### INSTRUCTIONS TO FOLLOW
Although the entries contain pictures, copy only their text, exactly as written.

Start of DATA IN THIS EXERCISE

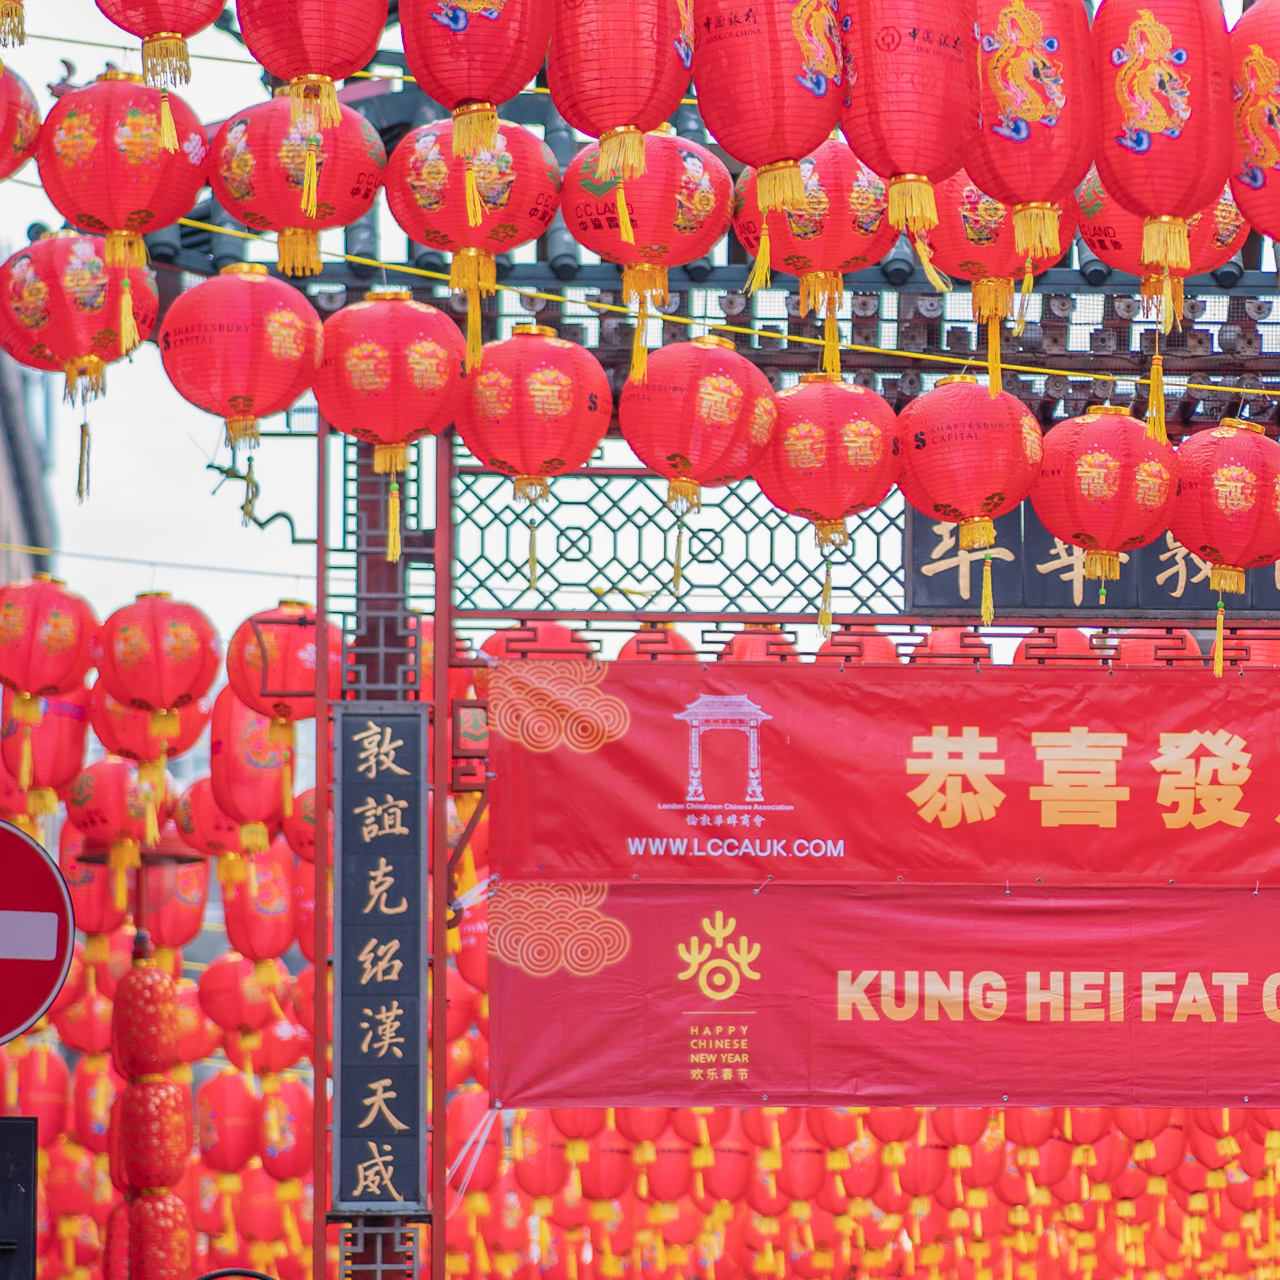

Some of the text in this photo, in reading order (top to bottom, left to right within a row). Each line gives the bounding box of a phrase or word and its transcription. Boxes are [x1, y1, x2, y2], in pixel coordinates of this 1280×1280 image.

[172, 334, 215, 347] CAPITAL
[930, 421, 1012, 434] SHAFTESBURY
[931, 431, 981, 445] CAPITAL
[658, 802, 794, 812] London Chinatown Chinese Association
[627, 837, 845, 858] WWW.LCCAUK.COM
[837, 970, 1008, 1022] KUNG
[1026, 970, 1125, 1022] HEI
[1141, 971, 1249, 1023] FAT
[690, 1025, 749, 1036] HAPPY
[690, 1039, 749, 1049] CHINESE
[690, 1053, 750, 1063] NEW YEAR
[690, 1067, 750, 1081] 欢乐春节

End of DATA IN THIS EXERCISE

### EXERCISE OUTPUT
Some of the text in this photo, in reading order (top to bottom, left to right within a row). Each line gives the bounding box of a phrase or word and its transcription. Boxes are [x1, y1, x2, y2], in pixel coordinates of this 1280×1280 image.

[172, 334, 215, 347] CAPITAL
[930, 421, 1012, 434] SHAFTESBURY
[931, 431, 981, 445] CAPITAL
[658, 802, 794, 812] London Chinatown Chinese Association
[627, 837, 845, 858] WWW.LCCAUK.COM
[837, 970, 1008, 1022] KUNG
[1026, 970, 1125, 1022] HEI
[1141, 971, 1249, 1023] FAT
[690, 1025, 749, 1036] HAPPY
[690, 1039, 749, 1049] CHINESE
[690, 1053, 750, 1063] NEW YEAR
[690, 1067, 750, 1081] 欢乐春节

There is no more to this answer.